The 2020s are a decade defined by existential uncertainty. Reeling from the Covid-19 pandemic and the global rise of authoritarianism, people from all walks of life are struggling to find their footing in a shapeshifting new collective reality. Social scientists and other scholars who study the law face a unique challenge in this regard.
“We’re living in a world where you can’t just assume, in the classic law and society tradition, that there are exogenous forces that impinge upon the practice of law and that make things happen in certain ways, and ‘maybe we can fix it!’” explains Bill Maurer, the Dean of Social Sciences at the University of California, Irvine, and one of the Law and Society Review’s new General Editors. “There has always been this ameliorative gesture in a lot of law and society scholarship to ‘fix the law.’ But we’re in a world now where we don’t even know what law is, or what it’s becoming. We don’t know about its ideological or material durability going forward.”
“That’s really one of the big questions for us right now…as scholars and people in the world,” he continues. “What does the law and society movement need to become to match the moment that we’re in?”
This is a heavy, overwhelming question—but you wouldn’t know it from the overall tone of the conversation I had with them in February, which was characterized by the type of teasing joviality that only appears among good friends. Professor Maurer and his two new co-editors, Justin Richland and Lee Cabatingan, have a long, dynamic history. Professor Cabatingan met Professor Maurer as a prospective graduate student at UC Irvine, where he was poised to be her advisor. When she pivoted and decided to attend the University of Chicago instead, Professor Richland served on her doctoral committee. The three eventually reunited at UC Irvine, where Professor Richland serves as the Chair of the Anthropology Department and Professor Cabatingan teaches criminology, law and society, and anthropology.

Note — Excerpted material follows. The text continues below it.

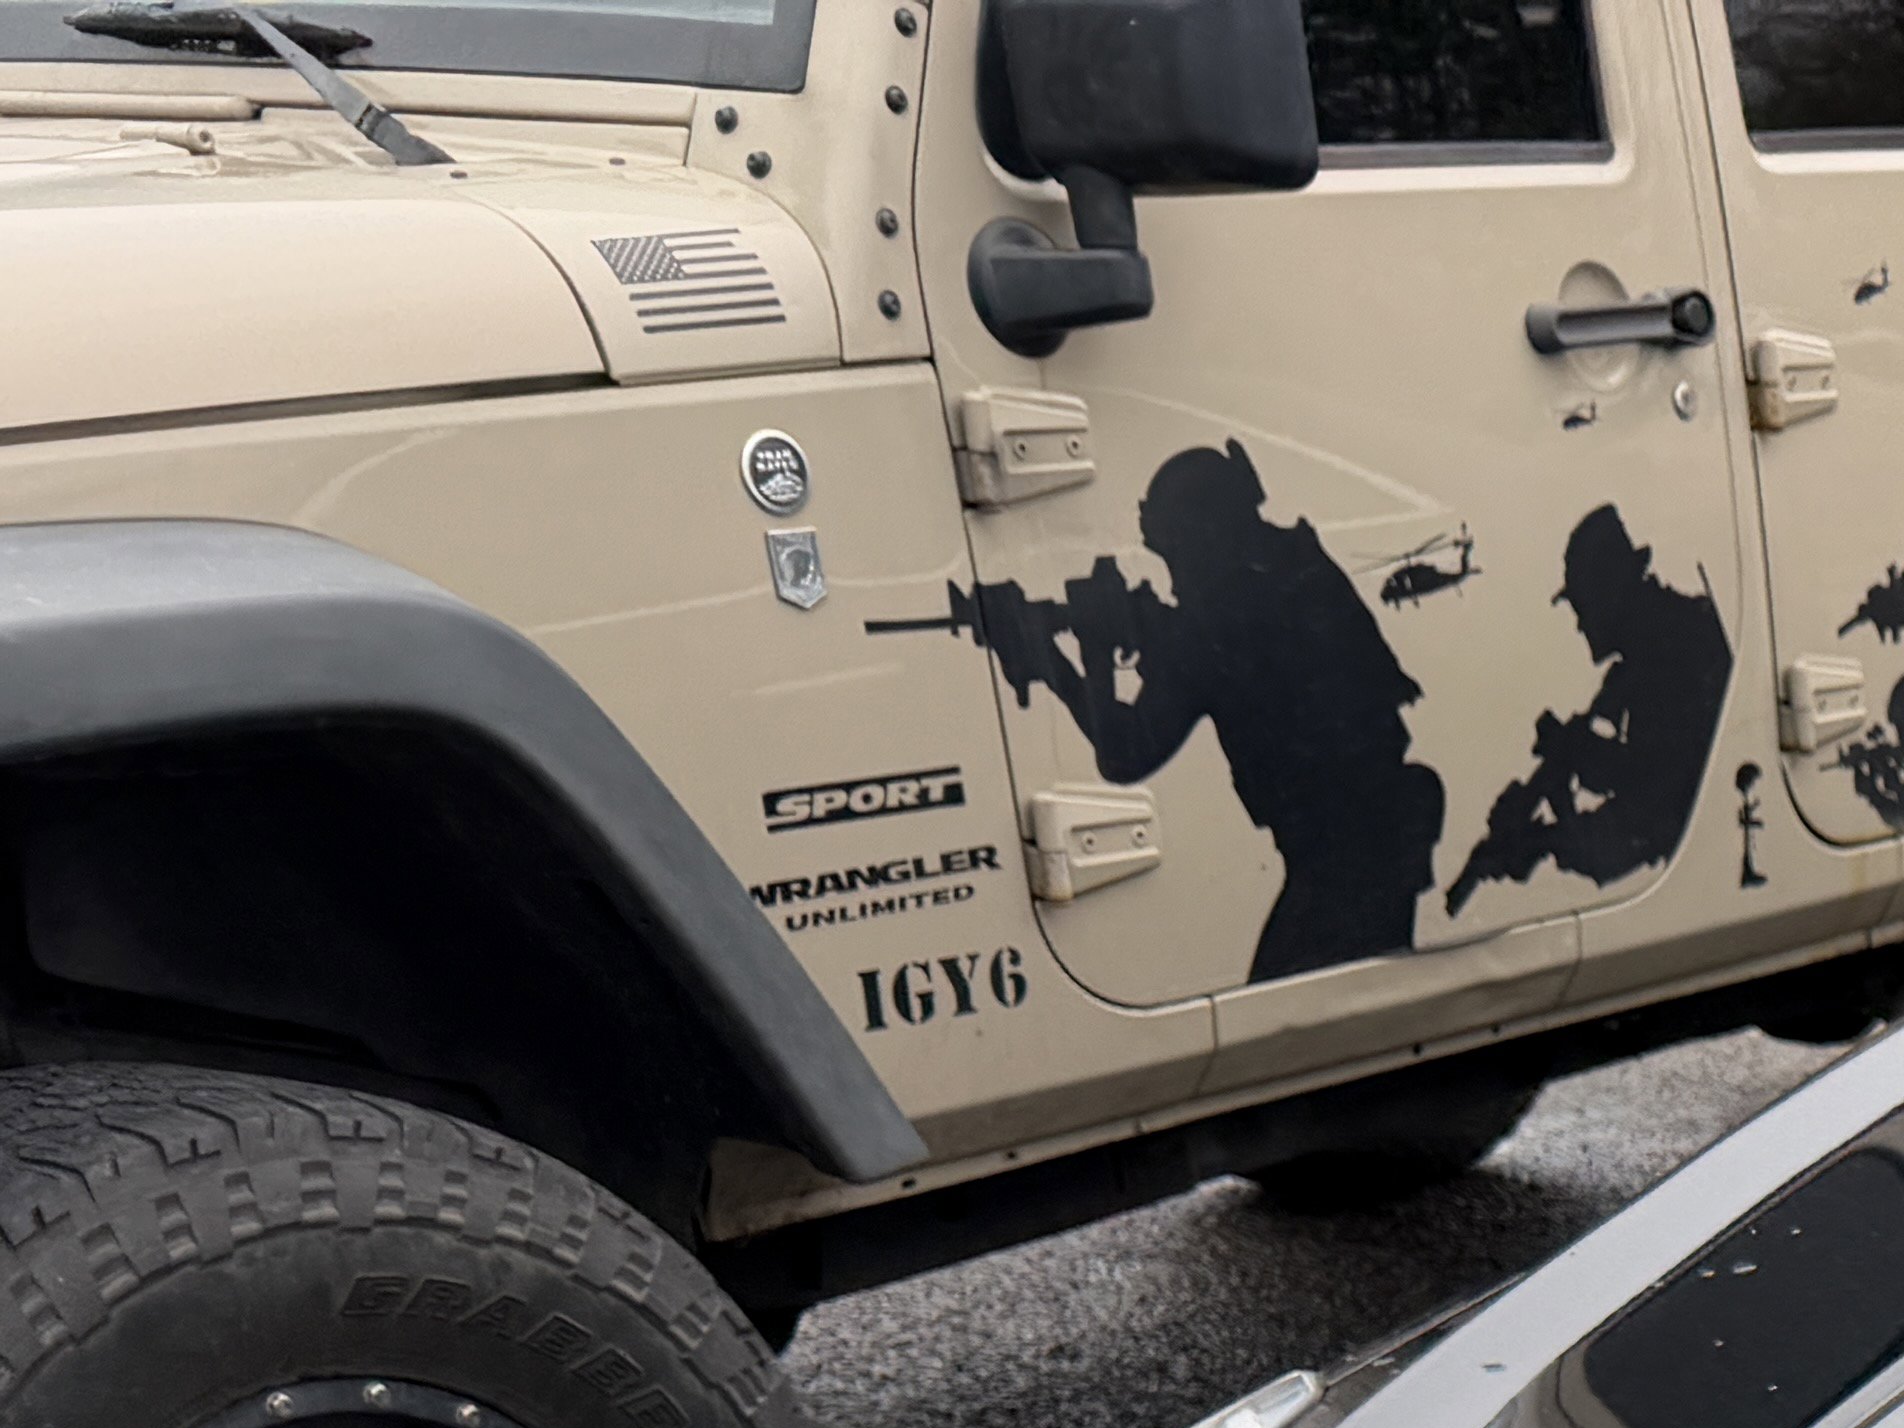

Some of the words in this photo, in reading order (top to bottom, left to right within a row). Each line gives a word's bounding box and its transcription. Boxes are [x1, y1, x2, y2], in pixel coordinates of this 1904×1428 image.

[770, 774, 963, 826] SPORT
[749, 845, 1001, 908] WRANGLER
[785, 883, 976, 932] UNLIMITED
[856, 946, 1028, 1033] IGY6

“We have known each other for a long time,” says Professor Maurer, “each of us as pairs and as the three of us in different kinds of contexts, in different roles, in different relationships, including power relationships…We have a very high degree of trust in one another as people, but also trust in each other’s work and trust in each other’s judgement as scholars.”

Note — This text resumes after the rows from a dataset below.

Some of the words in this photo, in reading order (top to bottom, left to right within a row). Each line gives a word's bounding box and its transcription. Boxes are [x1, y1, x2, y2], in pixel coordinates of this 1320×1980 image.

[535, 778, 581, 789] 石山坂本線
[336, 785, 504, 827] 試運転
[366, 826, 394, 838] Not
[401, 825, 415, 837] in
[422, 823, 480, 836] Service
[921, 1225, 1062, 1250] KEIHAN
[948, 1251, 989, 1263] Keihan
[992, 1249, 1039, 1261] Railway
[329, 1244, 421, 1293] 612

It is little wonder, then, that, when applying for the LSR General Editor position, Professor Richland asked Professors Maurer and Cabatingan to join him.
“I think I went to each one of them and said, ‘Would you do this with me, PLEASE?’” he recalls. “I think I begged.”
“It was begging,” Professor Maurer confirmed.
“What I really appreciate about working with these two is that none of us thinks that we know everything,” chimes in Professor Cabatingan. “It makes it a very open space for me to be able to speak out and pretend I know something, because we understand that we all have learning to do, especially when it comes to this role.”
In some ways, Professor Cabatingan has the most to learn about the position, which constitutes her first experience with editorial leadership. Professors Richland and Maurer are more seasoned in this regard.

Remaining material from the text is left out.